*** Block opens ***
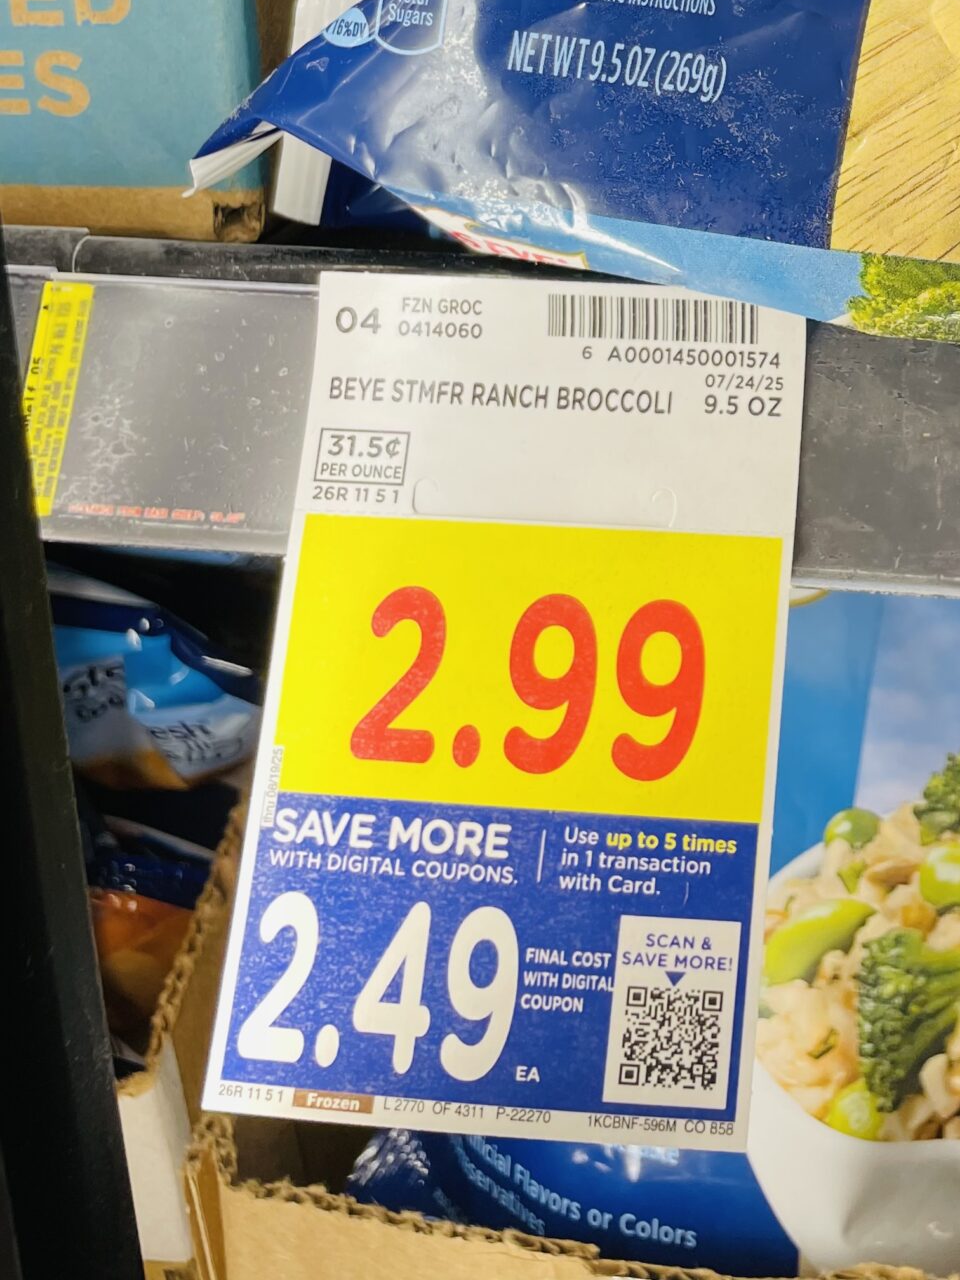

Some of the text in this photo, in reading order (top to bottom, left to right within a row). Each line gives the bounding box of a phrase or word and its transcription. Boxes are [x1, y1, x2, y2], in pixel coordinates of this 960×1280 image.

[387, 2, 434, 27] Sugars
[507, 30, 727, 103] NET WT 9.5 OZ (269g)
[402, 297, 483, 316] FZN GROC
[336, 306, 382, 335] 04
[398, 321, 483, 339] 0414060
[582, 345, 593, 360] 6
[705, 374, 784, 392] 07/24/25
[329, 376, 783, 417] BEYE STMFR RANCH BROCCOLI 9.5 OZ
[327, 434, 401, 459] 31.5¢
[320, 462, 402, 480] PER OUNCE
[312, 485, 348, 502] 26R
[350, 585, 706, 782] 2.99
[272, 808, 513, 860] SAVE MORE
[564, 826, 737, 854] Use up to 5 times
[269, 849, 518, 887] WITH DIGITAL COUPONS.
[561, 848, 711, 875] in 1 transaction
[559, 873, 661, 895] with Card.
[646, 933, 713, 950] SCAN &
[525, 947, 612, 969] FINAL COST
[621, 952, 734, 971] SAVE MORE!
[237, 891, 520, 1083] 2.49
[523, 971, 616, 993] WITH DIGITAL
[521, 994, 584, 1012] COUPON
[515, 1066, 541, 1082] EA
[218, 1084, 243, 1098] 26R
[306, 1092, 361, 1111] Frozen
[383, 1097, 393, 1111] L
[394, 1098, 425, 1113] 2770
[432, 1100, 452, 1115] OF
[454, 1103, 485, 1120] 4311
[495, 1107, 551, 1124] P-22270
[684, 1121, 706, 1134] CO
[710, 1121, 734, 1136] 858
[513, 1163, 699, 1249] Flavors or Colors
*** Block closes ***
Could the entries above be printed again exactly, apart from the pictures?

### [Answer section]
Some of the text in this photo, in reading order (top to bottom, left to right within a row). Each line gives the bounding box of a phrase or word and its transcription. Boxes are [x1, y1, x2, y2], in pixel coordinates of this 960×1280 image.

[387, 2, 434, 27] Sugars
[507, 30, 727, 103] NET WT 9.5 OZ (269g)
[402, 297, 483, 316] FZN GROC
[336, 306, 382, 335] 04
[398, 321, 483, 339] 0414060
[582, 345, 593, 360] 6
[705, 374, 784, 392] 07/24/25
[329, 376, 783, 417] BEYE STMFR RANCH BROCCOLI 9.5 OZ
[327, 434, 401, 459] 31.5¢
[320, 462, 402, 480] PER OUNCE
[312, 485, 348, 502] 26R
[350, 585, 706, 782] 2.99
[272, 808, 513, 860] SAVE MORE
[564, 826, 737, 854] Use up to 5 times
[269, 849, 518, 887] WITH DIGITAL COUPONS.
[561, 848, 711, 875] in 1 transaction
[559, 873, 661, 895] with Card.
[646, 933, 713, 950] SCAN &
[525, 947, 612, 969] FINAL COST
[621, 952, 734, 971] SAVE MORE!
[237, 891, 520, 1083] 2.49
[523, 971, 616, 993] WITH DIGITAL
[521, 994, 584, 1012] COUPON
[515, 1066, 541, 1082] EA
[218, 1084, 243, 1098] 26R
[306, 1092, 361, 1111] Frozen
[383, 1097, 393, 1111] L
[394, 1098, 425, 1113] 2770
[432, 1100, 452, 1115] OF
[454, 1103, 485, 1120] 4311
[495, 1107, 551, 1124] P-22270
[684, 1121, 706, 1134] CO
[710, 1121, 734, 1136] 858
[513, 1163, 699, 1249] Flavors or Colors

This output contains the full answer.